Text-to-region grounding data =
>>>
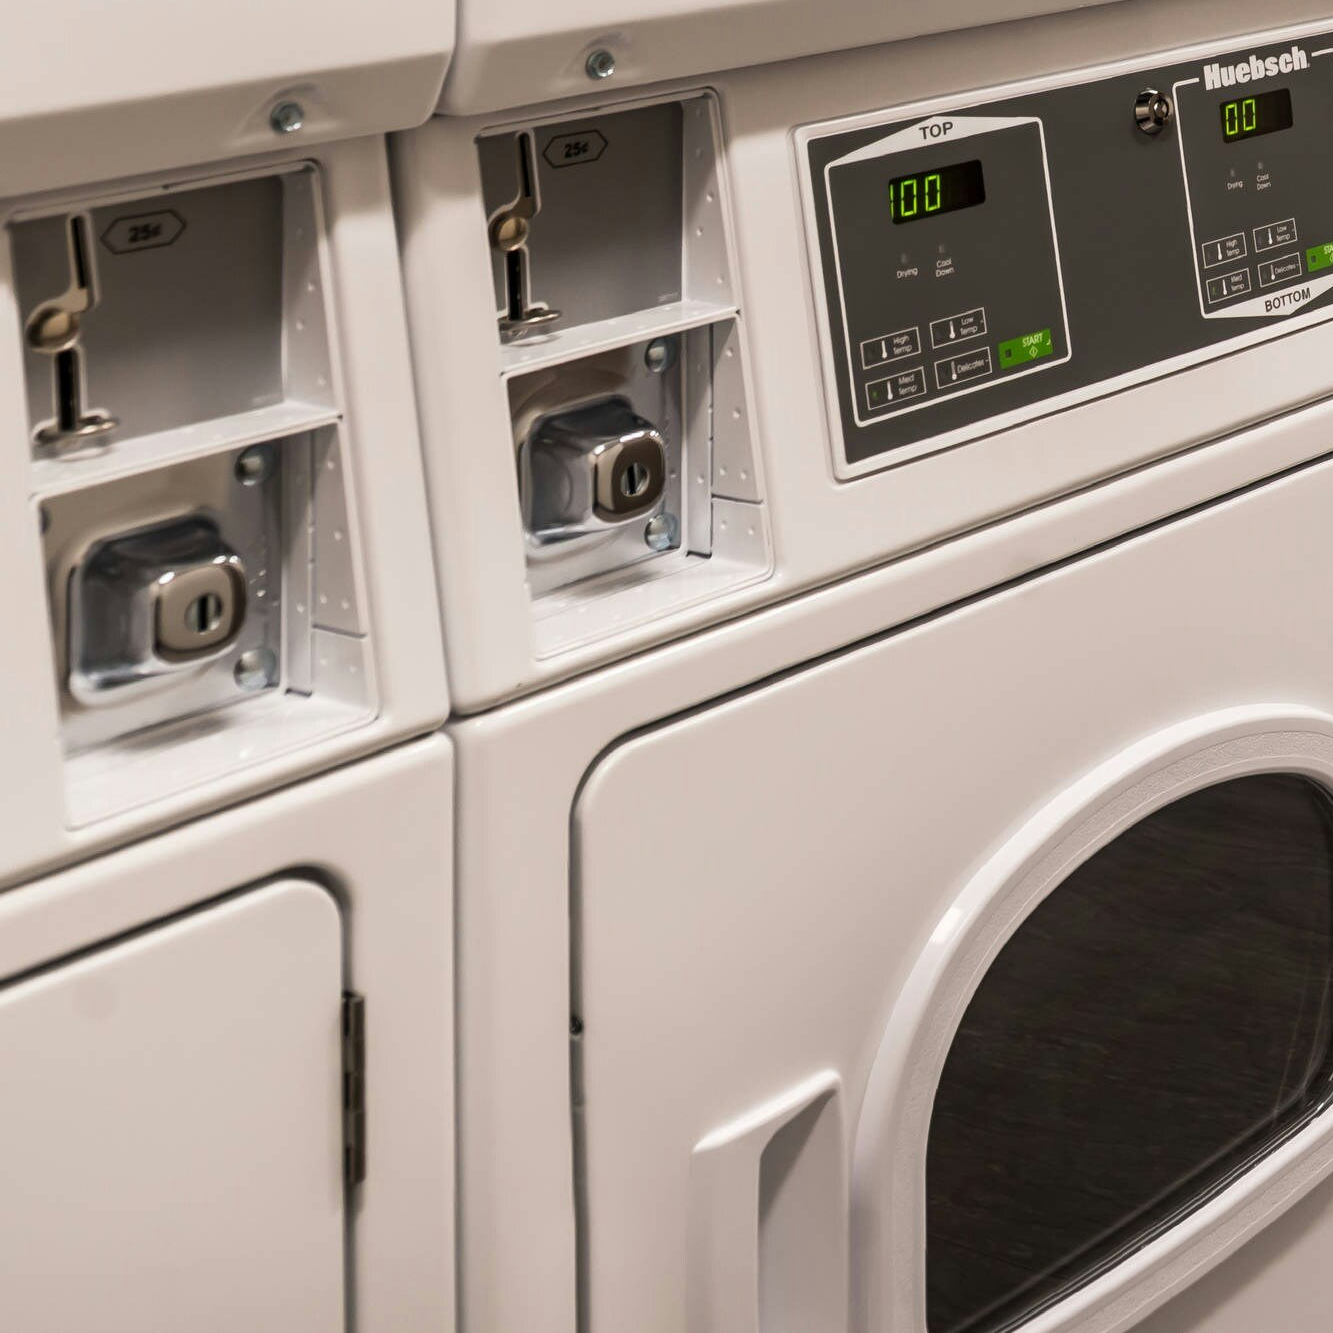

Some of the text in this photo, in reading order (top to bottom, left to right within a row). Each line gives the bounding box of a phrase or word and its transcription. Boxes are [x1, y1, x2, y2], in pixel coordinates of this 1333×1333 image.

[1203, 46, 1308, 90] Huebsch
[1226, 99, 1256, 135] 00
[919, 122, 954, 140] TOP
[936, 258, 952, 268] Cool
[897, 267, 918, 279] Drying
[936, 267, 954, 278] Down
[1264, 287, 1311, 313] BOTTOM
[961, 317, 974, 326] Low
[893, 335, 910, 346] High
[1022, 333, 1043, 347] START
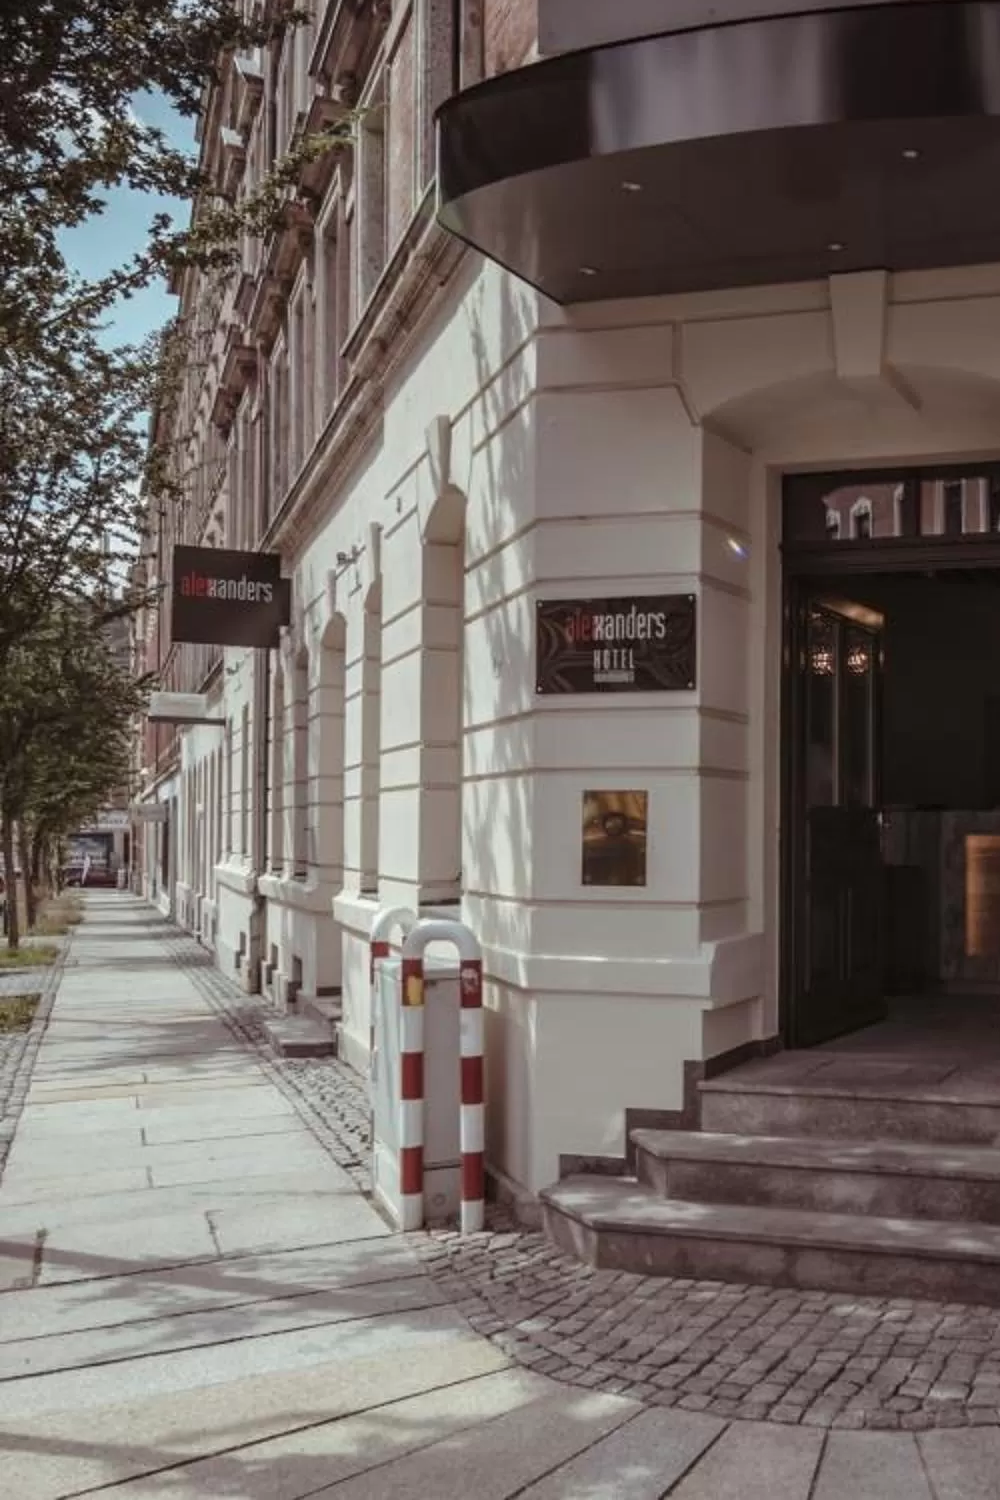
<<<
Each entry should be output word for word, with no pictures carried over.

Some of the text in this photo, in reading order (top to bottom, left to right within a row). Each line gives the bounding box of a phrase or word and its transcription. Boxes are [x1, y1, x2, y2], in pixel coordinates of this 1333×1333 image.

[1203, 46, 1308, 90] Huebsch
[1226, 99, 1256, 135] 00
[919, 122, 954, 140] TOP
[936, 258, 952, 268] Cool
[897, 267, 918, 279] Drying
[936, 267, 954, 278] Down
[1264, 287, 1311, 313] BOTTOM
[961, 317, 974, 326] Low
[893, 335, 910, 346] High
[1022, 333, 1043, 347] START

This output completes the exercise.